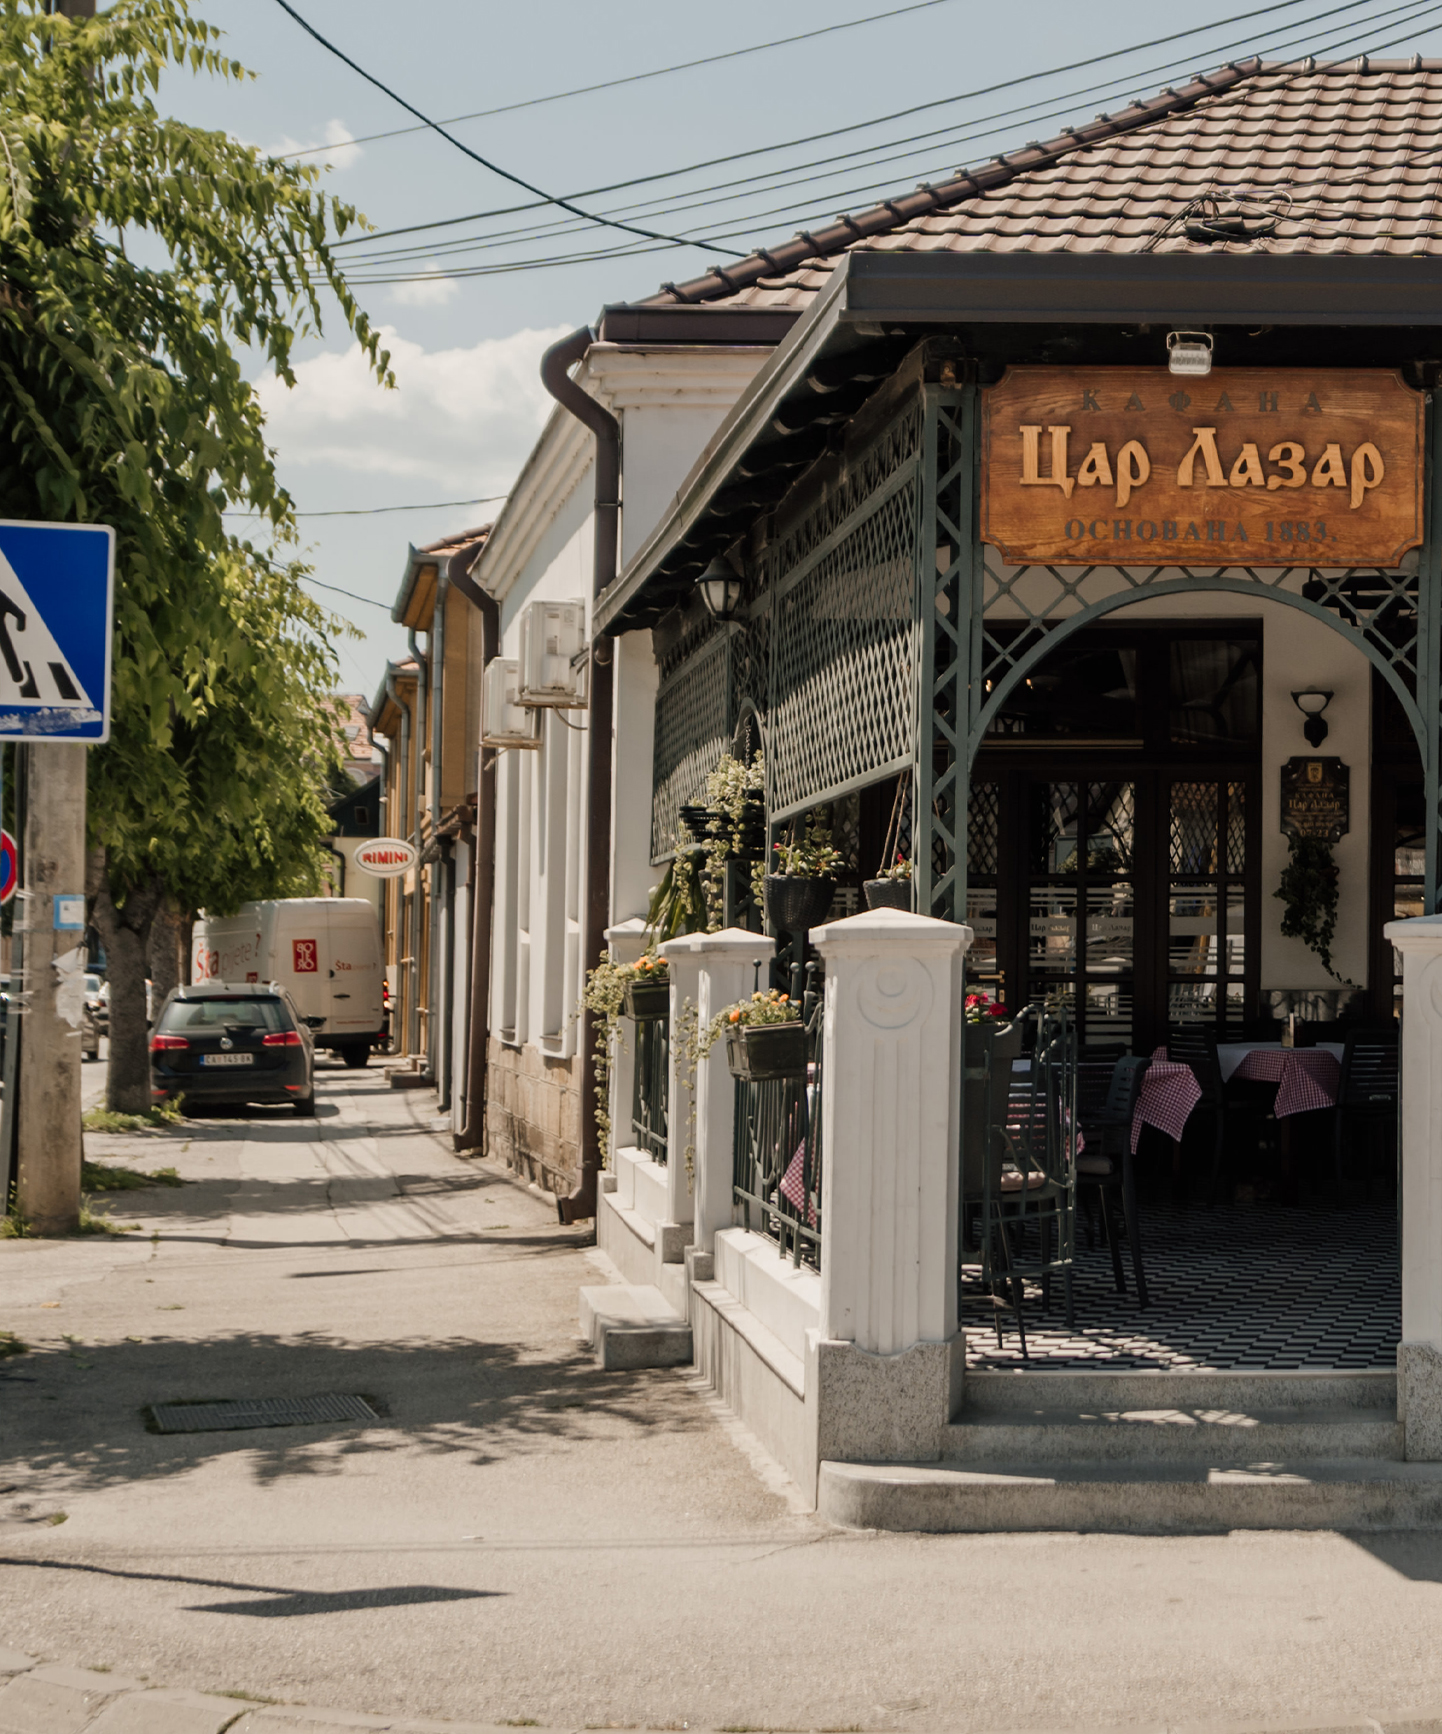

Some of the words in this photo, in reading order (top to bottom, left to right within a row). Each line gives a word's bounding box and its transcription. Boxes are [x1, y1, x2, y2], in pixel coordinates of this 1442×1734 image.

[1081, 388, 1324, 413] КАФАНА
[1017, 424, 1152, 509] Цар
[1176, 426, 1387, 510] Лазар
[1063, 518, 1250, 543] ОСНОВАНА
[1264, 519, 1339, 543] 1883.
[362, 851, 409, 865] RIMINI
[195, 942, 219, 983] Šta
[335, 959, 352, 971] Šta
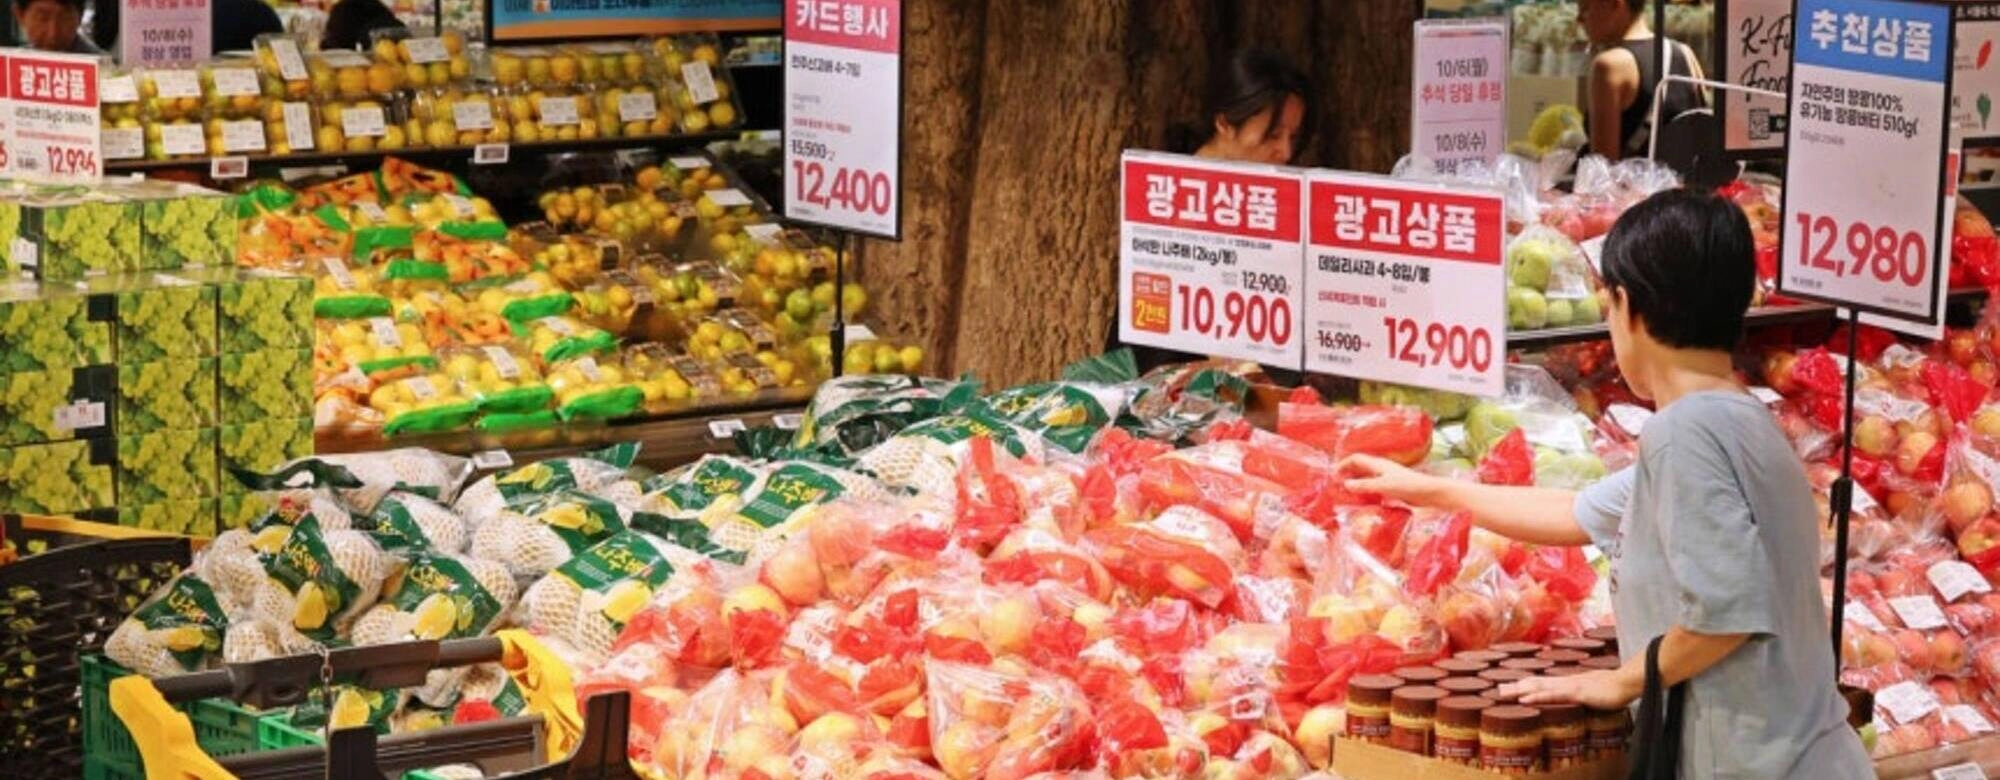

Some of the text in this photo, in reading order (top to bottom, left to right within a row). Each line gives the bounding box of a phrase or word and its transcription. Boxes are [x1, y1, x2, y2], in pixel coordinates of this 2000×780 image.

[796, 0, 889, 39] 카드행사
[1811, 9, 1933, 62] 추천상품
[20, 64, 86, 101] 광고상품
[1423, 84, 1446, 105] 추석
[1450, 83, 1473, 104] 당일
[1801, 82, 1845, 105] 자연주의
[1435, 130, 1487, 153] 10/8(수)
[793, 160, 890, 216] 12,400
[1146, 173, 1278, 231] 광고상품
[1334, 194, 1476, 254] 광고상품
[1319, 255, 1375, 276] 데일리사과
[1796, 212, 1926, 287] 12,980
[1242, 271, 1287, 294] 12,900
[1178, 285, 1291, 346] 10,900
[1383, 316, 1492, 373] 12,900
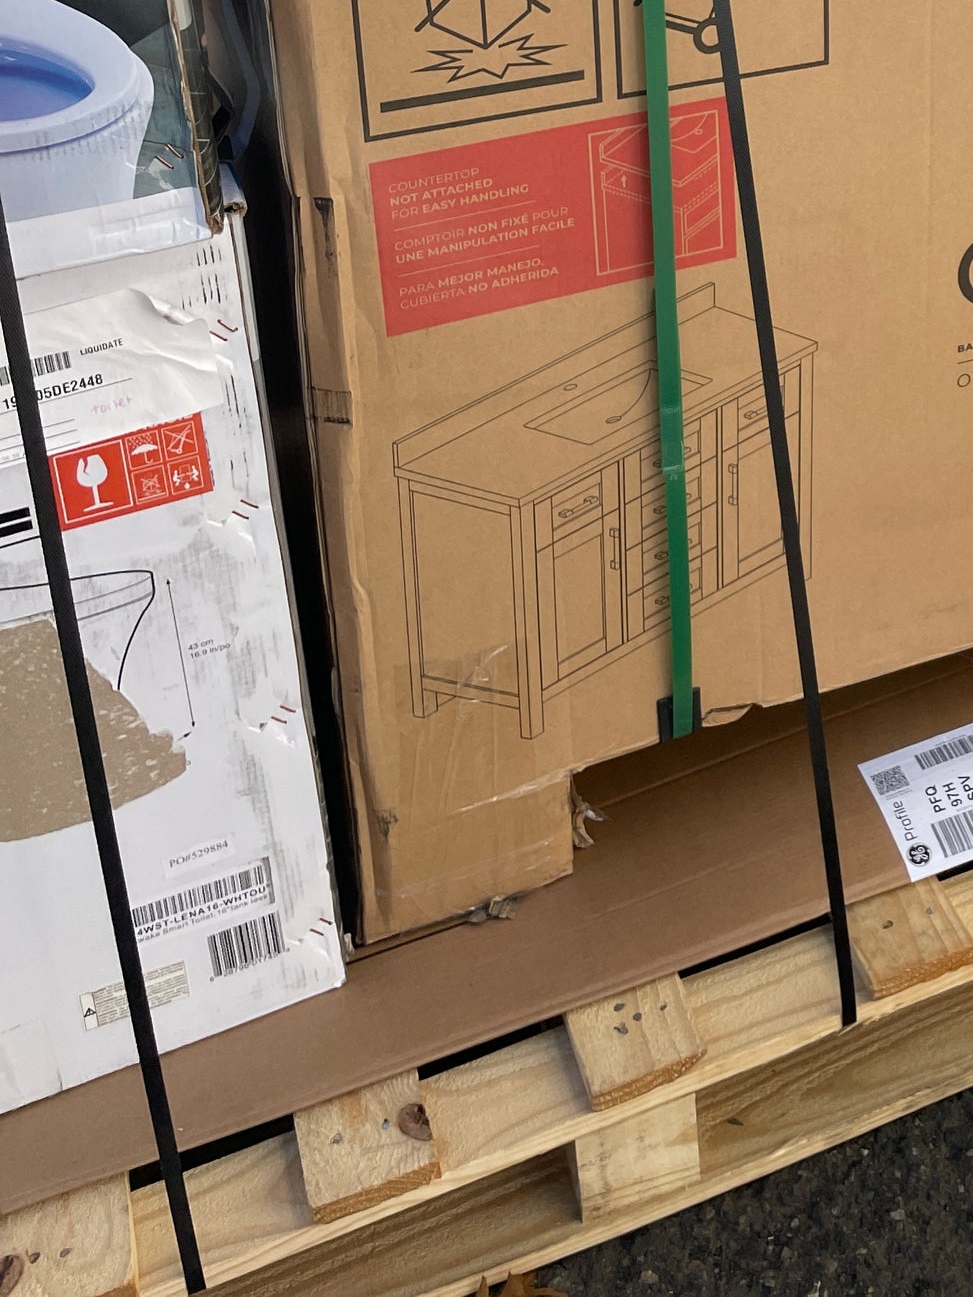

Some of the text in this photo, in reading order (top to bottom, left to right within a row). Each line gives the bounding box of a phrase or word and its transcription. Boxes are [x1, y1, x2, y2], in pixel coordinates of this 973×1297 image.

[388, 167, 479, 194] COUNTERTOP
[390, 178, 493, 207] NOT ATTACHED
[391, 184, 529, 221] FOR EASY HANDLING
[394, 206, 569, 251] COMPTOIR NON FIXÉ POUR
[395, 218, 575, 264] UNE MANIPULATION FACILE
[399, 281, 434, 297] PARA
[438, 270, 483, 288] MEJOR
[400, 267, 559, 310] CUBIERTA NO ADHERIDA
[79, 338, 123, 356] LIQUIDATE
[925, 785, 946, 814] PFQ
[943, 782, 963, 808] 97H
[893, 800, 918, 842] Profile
# # # # # # #
- Exercise -
If a record holds a picture, leave the picture out and copy the rest exactly.

- Result of this task -
Some of the words in this photo, in reading order (top to bottom, left to right within a row). Each line gives a word's bounding box and its transcription. Boxes are [x1, y1, x2, y2], in pixel coordinates of this 1442×1734 image.

[1081, 388, 1324, 413] КАФАНА
[1017, 424, 1152, 509] Цар
[1176, 426, 1387, 510] Лазар
[1063, 518, 1250, 543] ОСНОВАНА
[1264, 519, 1339, 543] 1883.
[362, 851, 409, 865] RIMINI
[195, 942, 219, 983] Šta
[335, 959, 352, 971] Šta

Some of the text in this photo, in reading order (top to bottom, left to right within a row). Each line gives the bounding box of a phrase or word and its transcription. Boxes are [x1, y1, x2, y2], in pixel coordinates of this 2000×780 image.

[796, 0, 889, 39] 카드행사
[1811, 9, 1933, 62] 추천상품
[20, 64, 86, 101] 광고상품
[1423, 84, 1446, 105] 추석
[1450, 83, 1473, 104] 당일
[1801, 82, 1845, 105] 자연주의
[1435, 130, 1487, 153] 10/8(수)
[793, 160, 890, 216] 12,400
[1146, 173, 1278, 231] 광고상품
[1334, 194, 1476, 254] 광고상품
[1319, 255, 1375, 276] 데일리사과
[1796, 212, 1926, 287] 12,980
[1242, 271, 1287, 294] 12,900
[1178, 285, 1291, 346] 10,900
[1383, 316, 1492, 373] 12,900

Some of the text in this photo, in reading order (top to bottom, left to right within a row). Each line gives the bounding box of a phrase or word and its transcription. Boxes are [x1, y1, x2, y2], in pixel coordinates of this 973×1297 image.

[388, 167, 479, 194] COUNTERTOP
[390, 178, 493, 207] NOT ATTACHED
[391, 184, 529, 221] FOR EASY HANDLING
[394, 206, 569, 251] COMPTOIR NON FIXÉ POUR
[395, 218, 575, 264] UNE MANIPULATION FACILE
[399, 281, 434, 297] PARA
[438, 270, 483, 288] MEJOR
[400, 267, 559, 310] CUBIERTA NO ADHERIDA
[79, 338, 123, 356] LIQUIDATE
[925, 785, 946, 814] PFQ
[943, 782, 963, 808] 97H
[893, 800, 918, 842] Profile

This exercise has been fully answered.